8. The method of any of claims 1-7, further comprising,

after generating the depth maps of the reference images, acquiring the depth maps of a plurality of reference images;

fusing depth information of the same pixels in different depth maps to obtain a depth fusion result of each pixel;

and after removing the pixels of which the depth fusion result exceeds a preset depth threshold, generating the three-dimensional point cloud according to the depth information of the residual pixels.

9. An apparatus for generating a depth map, comprising:

the device comprises an acquisition unit, a processing unit and a display unit, wherein the acquisition unit is used for acquiring a reference image and a source image, and the reference image and the source image correspond to different visual angles in the same scene;

the matching unit is used for matching a reference pixel block in the reference image with a candidate source pixel block in the source image, adjusting the size of the reference pixel block in the matching process and determining a target source pixel block corresponding to the reference pixel block in the source image;

and the first generation unit is used for generating the depth map of the reference image according to the reference pixel block and the target source pixel block corresponding to the reference pixel block.
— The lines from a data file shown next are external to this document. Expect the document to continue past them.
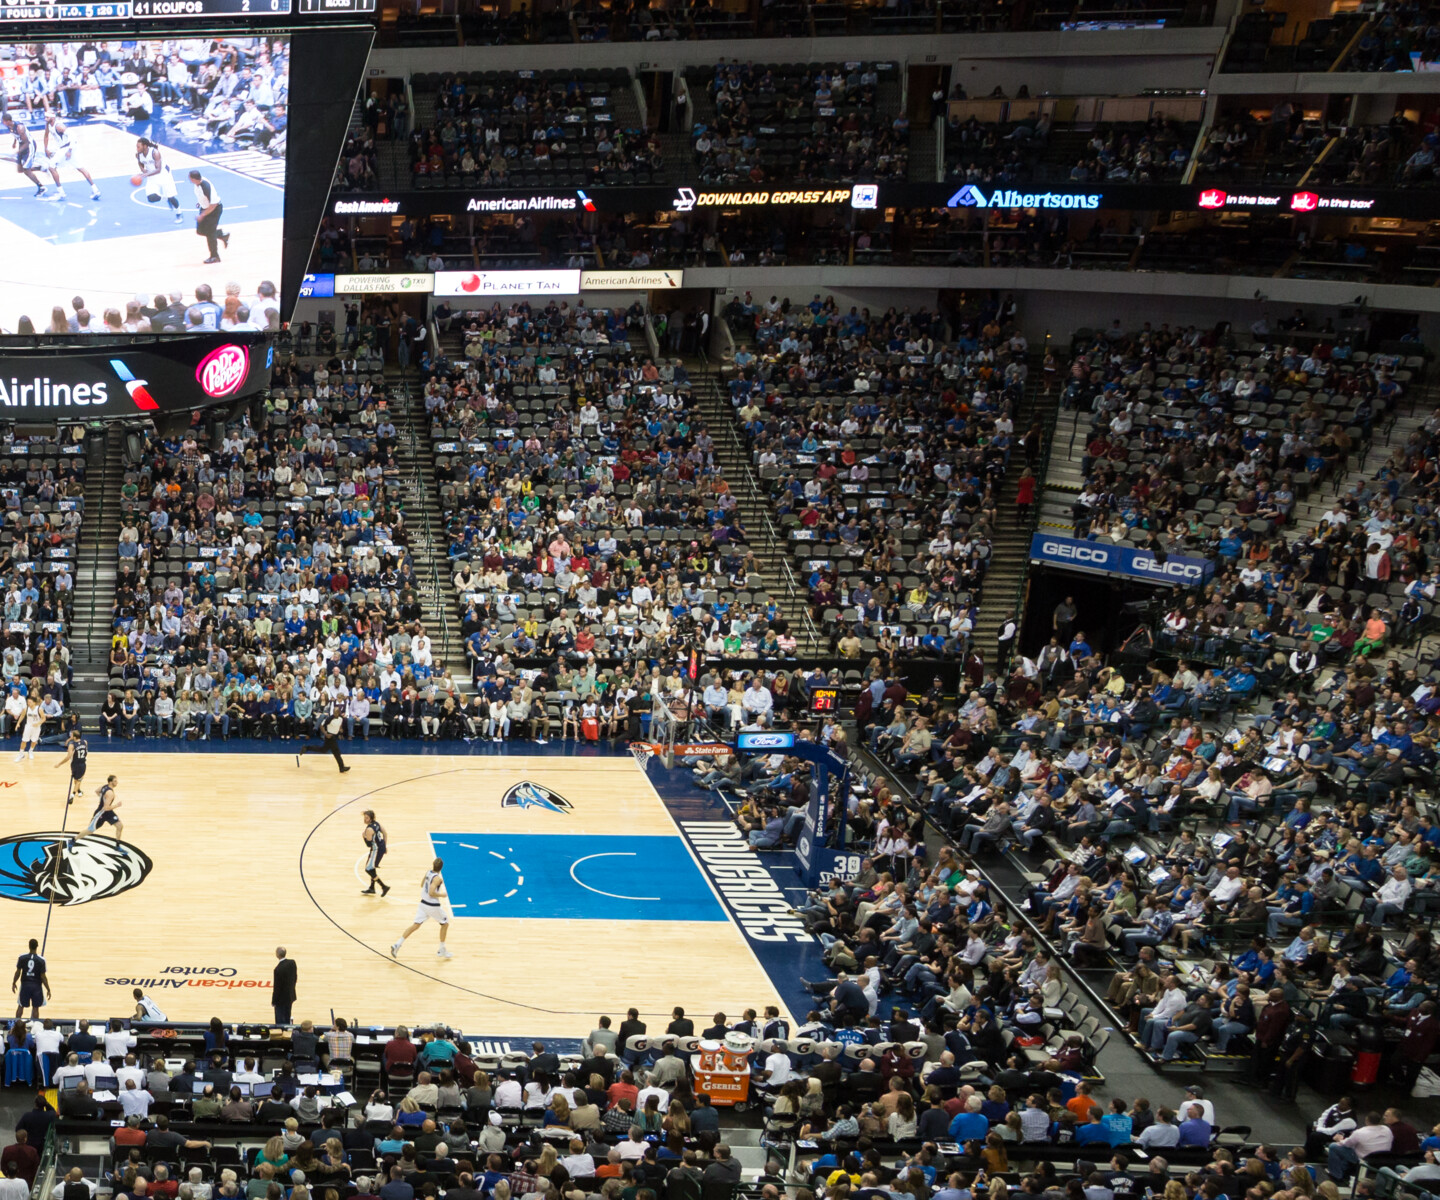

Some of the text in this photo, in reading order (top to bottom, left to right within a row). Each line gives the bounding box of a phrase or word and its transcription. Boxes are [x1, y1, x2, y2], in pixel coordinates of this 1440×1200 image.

[6, 8, 42, 19] FOULS
[45, 6, 54, 19] 0
[61, 7, 81, 17] T.O.
[85, 6, 93, 17] 5
[116, 5, 125, 16] 0
[135, 4, 151, 14] 41
[153, 3, 203, 14] KOUFOS
[242, 1, 250, 11] 2
[467, 197, 576, 211] American Airlines
[697, 190, 850, 206] DOWNLOAD GOPASS APP
[988, 190, 1100, 209] Albertsons
[1238, 195, 1256, 204] the
[1258, 196, 1277, 205] box
[1330, 198, 1349, 208] the
[1350, 199, 1371, 209] box
[349, 276, 390, 284] POWERING
[483, 280, 561, 290] PLANET TAN
[585, 275, 662, 286] American Airlines
[344, 283, 395, 292] DALLAS FANS
[219, 352, 235, 371] Dr
[208, 358, 242, 393] Pepper
[1042, 541, 1109, 564] GEICO
[1132, 556, 1203, 579] GEICO
[815, 690, 837, 698] 10:44
[815, 697, 831, 710] 21
[754, 736, 778, 745] Ford
[77, 750, 85, 759] 12
[834, 856, 860, 874] 30
[679, 820, 816, 943] MAVERICKS
[27, 960, 35, 973] 9
[160, 966, 237, 978] Center
[104, 977, 274, 990] mericanAirlines
[838, 1034, 860, 1043] DALLAS
[702, 1081, 742, 1091] G SERIES
10. The apparatus according to claim 9, wherein the matching unit, when matching a reference pixel block in the reference image with a candidate source pixel block in the source image, specifically performs:

11. The apparatus according to claim 10, wherein the matching unit, when selecting the candidate source pixel block corresponding to the reference pixel block from the plurality of source pixel blocks, specifically performs:

12. The apparatus according to any of claims 9-11, wherein the matching unit, when adjusting the size of the reference pixel block during matching, specifically performs:

acquiring the matching degree of the reference pixel block and the candidate source pixel block in the current matching process in the horizontal direction and the vertical direction;

adjusting a length of the reference pixel block in the target direction.
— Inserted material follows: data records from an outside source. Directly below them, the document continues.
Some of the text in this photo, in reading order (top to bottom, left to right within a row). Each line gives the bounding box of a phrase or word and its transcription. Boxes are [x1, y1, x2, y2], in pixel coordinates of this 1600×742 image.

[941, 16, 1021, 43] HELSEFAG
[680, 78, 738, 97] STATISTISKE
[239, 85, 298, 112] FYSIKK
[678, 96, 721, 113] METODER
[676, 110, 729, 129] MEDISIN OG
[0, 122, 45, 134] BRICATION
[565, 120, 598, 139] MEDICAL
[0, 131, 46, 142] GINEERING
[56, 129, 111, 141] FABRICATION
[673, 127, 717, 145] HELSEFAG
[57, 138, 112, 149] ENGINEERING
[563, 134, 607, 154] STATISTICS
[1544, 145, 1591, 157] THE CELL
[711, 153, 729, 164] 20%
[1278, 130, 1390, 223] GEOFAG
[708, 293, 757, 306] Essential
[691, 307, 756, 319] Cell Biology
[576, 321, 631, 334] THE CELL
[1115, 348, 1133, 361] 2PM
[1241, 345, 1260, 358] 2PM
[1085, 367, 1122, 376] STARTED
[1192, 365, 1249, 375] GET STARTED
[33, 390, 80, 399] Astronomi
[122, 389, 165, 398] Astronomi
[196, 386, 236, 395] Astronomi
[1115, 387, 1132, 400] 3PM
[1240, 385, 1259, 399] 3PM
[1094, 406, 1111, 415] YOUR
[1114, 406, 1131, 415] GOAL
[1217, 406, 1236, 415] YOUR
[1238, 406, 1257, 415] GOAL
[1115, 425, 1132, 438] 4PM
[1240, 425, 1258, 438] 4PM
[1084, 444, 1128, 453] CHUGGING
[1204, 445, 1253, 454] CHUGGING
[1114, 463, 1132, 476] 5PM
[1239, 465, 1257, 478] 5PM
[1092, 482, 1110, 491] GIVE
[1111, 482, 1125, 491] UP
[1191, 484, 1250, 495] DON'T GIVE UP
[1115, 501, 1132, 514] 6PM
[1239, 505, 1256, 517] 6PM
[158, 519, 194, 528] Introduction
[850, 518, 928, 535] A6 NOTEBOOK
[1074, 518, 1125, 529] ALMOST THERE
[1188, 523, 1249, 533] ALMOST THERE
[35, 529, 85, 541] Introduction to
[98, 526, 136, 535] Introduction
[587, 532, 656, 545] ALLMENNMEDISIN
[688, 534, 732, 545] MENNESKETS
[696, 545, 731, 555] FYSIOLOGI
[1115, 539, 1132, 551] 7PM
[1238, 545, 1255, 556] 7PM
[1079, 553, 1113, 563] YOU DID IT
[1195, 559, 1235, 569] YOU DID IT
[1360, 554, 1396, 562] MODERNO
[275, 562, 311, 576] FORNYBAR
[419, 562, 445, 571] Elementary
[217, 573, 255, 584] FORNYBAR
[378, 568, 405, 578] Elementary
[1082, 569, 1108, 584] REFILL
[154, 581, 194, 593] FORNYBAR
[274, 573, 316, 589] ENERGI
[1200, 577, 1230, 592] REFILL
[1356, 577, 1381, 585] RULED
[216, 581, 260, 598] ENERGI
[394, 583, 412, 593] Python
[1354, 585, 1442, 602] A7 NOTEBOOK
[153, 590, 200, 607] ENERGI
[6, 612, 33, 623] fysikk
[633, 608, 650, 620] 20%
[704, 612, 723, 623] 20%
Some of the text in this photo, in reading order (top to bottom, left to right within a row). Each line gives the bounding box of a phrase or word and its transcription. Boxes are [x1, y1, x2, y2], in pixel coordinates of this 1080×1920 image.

13. The apparatus according to claim 12, wherein the matching unit, when adjusting the length of the reference pixel block in the target direction, specifically performs:

14. The apparatus according to any of claims 9-13, wherein the matching unit, when determining the target source pixel block in the source image corresponding to the reference pixel block, specifically performs:

15. The apparatus according to any one of claims 9-14, wherein the first generating unit, when generating the depth map of the reference image from the reference pixel block and its corresponding target source pixel block, specifically performs:

16. The apparatus according to any of claims 9-15, further comprising a second generating unit for performing:

acquiring depth maps of a plurality of reference images after the first generation unit generates the depth maps of the reference images;

17. An electronic device, comprising:

at least one processor; and

a memory communicatively coupled to the at least one processor; wherein the content of the first and second substances,

the memory stores instructions executable by the at least one processor to enable the at least one processor to perform the method of any one of claims 1-8.

18. A non-transitory computer readable storage medium having stored thereon computer instructions for causing the computer to perform the method of any one of claims 1-8.

19. A computer program product comprising a computer program which, when executed by a processor, implements the method according to any one of claims 1-8.